◆ WHAT YOU NEED TO DO ◆
Once the pictures are set aside, reproduce all of the records exactly.
── TASK DATA
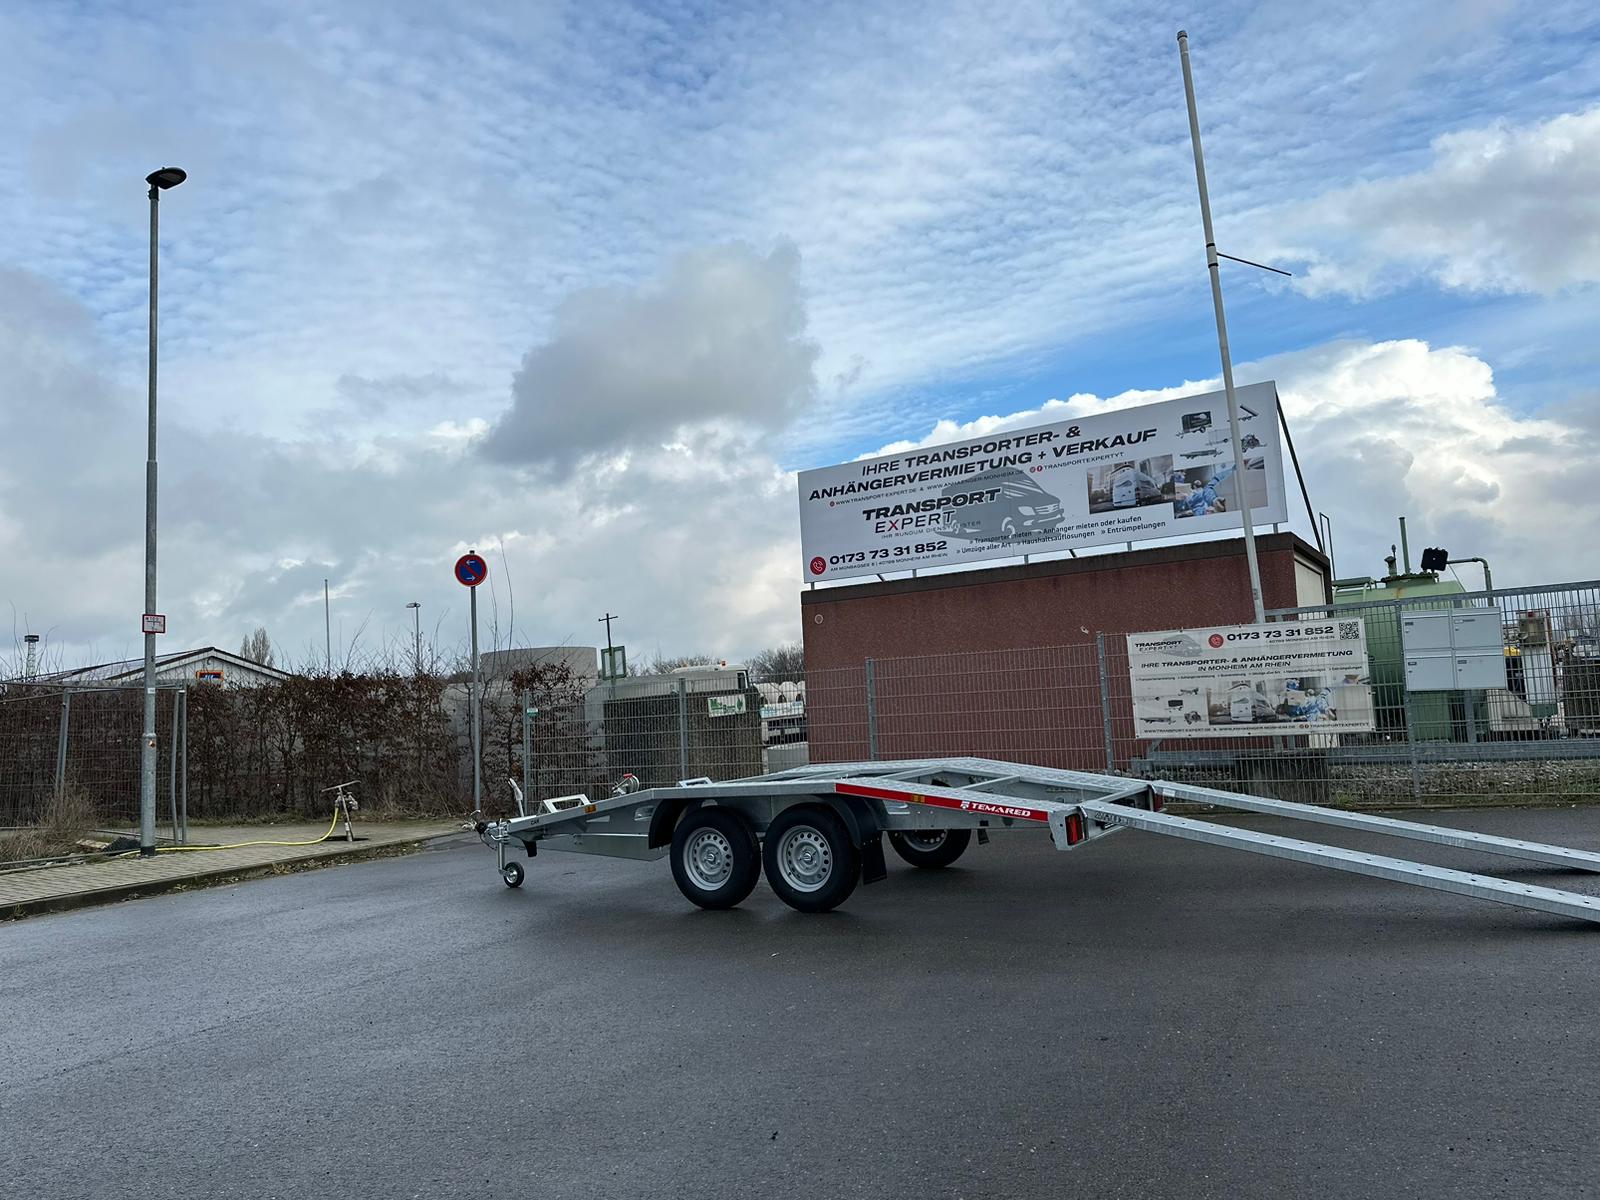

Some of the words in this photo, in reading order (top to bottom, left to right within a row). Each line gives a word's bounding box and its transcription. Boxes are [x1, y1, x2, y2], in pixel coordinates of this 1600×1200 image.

[862, 459, 900, 476] IHRE
[904, 430, 1060, 468] TRANSPORTER-
[1065, 425, 1081, 439] &
[1044, 452, 1125, 470] TRANSPORTEXPERTYT
[808, 452, 1033, 501] ANHÄNGERVERMIETUNG
[1038, 450, 1046, 460] +
[1052, 428, 1158, 458] VERKAUF
[862, 487, 1001, 521] TRANSPORT
[874, 510, 956, 534] EXPERT
[974, 533, 1010, 544] Transporter
[1075, 521, 1099, 531] mieten
[1100, 518, 1116, 527] oder
[1117, 515, 1142, 525] kaufen
[961, 544, 987, 554] Umzüge
[987, 543, 1001, 551] aller
[1001, 541, 1013, 549] Art
[1107, 520, 1166, 535] Entrümpelungen
[829, 552, 866, 565] 0173
[869, 548, 889, 560] 73
[893, 546, 911, 556] 31
[914, 540, 948, 555] 852
[1135, 640, 1183, 648] TRANSPORT
[1226, 631, 1260, 641] 0173
[1263, 630, 1282, 639] 73
[1285, 628, 1301, 637] 31
[1304, 626, 1334, 635] 852
[1161, 657, 1229, 667] TRANSPORTER-
[1240, 650, 1353, 663] ANHÄNGERVERMIETUNG
[971, 802, 1031, 818] TEMARED
────
◆ SOLUTION FOR THIS EXERCISE ◆
Some of the words in this photo, in reading order (top to bottom, left to right within a row). Each line gives a word's bounding box and its transcription. Boxes are [x1, y1, x2, y2], in pixel coordinates of this 1600×1200 image.

[862, 459, 900, 476] IHRE
[904, 430, 1060, 468] TRANSPORTER-
[1065, 425, 1081, 439] &
[1044, 452, 1125, 470] TRANSPORTEXPERTYT
[808, 452, 1033, 501] ANHÄNGERVERMIETUNG
[1038, 450, 1046, 460] +
[1052, 428, 1158, 458] VERKAUF
[862, 487, 1001, 521] TRANSPORT
[874, 510, 956, 534] EXPERT
[974, 533, 1010, 544] Transporter
[1075, 521, 1099, 531] mieten
[1100, 518, 1116, 527] oder
[1117, 515, 1142, 525] kaufen
[961, 544, 987, 554] Umzüge
[987, 543, 1001, 551] aller
[1001, 541, 1013, 549] Art
[1107, 520, 1166, 535] Entrümpelungen
[829, 552, 866, 565] 0173
[869, 548, 889, 560] 73
[893, 546, 911, 556] 31
[914, 540, 948, 555] 852
[1135, 640, 1183, 648] TRANSPORT
[1226, 631, 1260, 641] 0173
[1263, 630, 1282, 639] 73
[1285, 628, 1301, 637] 31
[1304, 626, 1334, 635] 852
[1161, 657, 1229, 667] TRANSPORTER-
[1240, 650, 1353, 663] ANHÄNGERVERMIETUNG
[971, 802, 1031, 818] TEMARED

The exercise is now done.